Exercise prompt:
Give back each line below verbatim.

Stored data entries
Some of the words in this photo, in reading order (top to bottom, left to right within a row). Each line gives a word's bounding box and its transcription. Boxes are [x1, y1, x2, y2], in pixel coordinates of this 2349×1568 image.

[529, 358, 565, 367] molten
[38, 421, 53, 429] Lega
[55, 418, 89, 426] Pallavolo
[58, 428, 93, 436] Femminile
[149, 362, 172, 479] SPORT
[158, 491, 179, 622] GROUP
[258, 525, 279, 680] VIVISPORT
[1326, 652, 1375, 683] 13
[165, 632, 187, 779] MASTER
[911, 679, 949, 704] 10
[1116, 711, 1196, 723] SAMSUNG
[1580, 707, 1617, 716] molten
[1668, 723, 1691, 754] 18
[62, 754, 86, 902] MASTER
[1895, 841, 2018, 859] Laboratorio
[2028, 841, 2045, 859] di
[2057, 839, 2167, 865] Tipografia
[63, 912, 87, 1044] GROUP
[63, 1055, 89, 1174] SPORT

Exercise response:
Some of the words in this photo, in reading order (top to bottom, left to right within a row). Each line gives a word's bounding box and its transcription. Boxes are [x1, y1, x2, y2], in pixel coordinates of this 2349×1568 image.

[529, 358, 565, 367] molten
[38, 421, 53, 429] Lega
[55, 418, 89, 426] Pallavolo
[58, 428, 93, 436] Femminile
[149, 362, 172, 479] SPORT
[158, 491, 179, 622] GROUP
[258, 525, 279, 680] VIVISPORT
[1326, 652, 1375, 683] 13
[165, 632, 187, 779] MASTER
[911, 679, 949, 704] 10
[1116, 711, 1196, 723] SAMSUNG
[1580, 707, 1617, 716] molten
[1668, 723, 1691, 754] 18
[62, 754, 86, 902] MASTER
[1895, 841, 2018, 859] Laboratorio
[2028, 841, 2045, 859] di
[2057, 839, 2167, 865] Tipografia
[63, 912, 87, 1044] GROUP
[63, 1055, 89, 1174] SPORT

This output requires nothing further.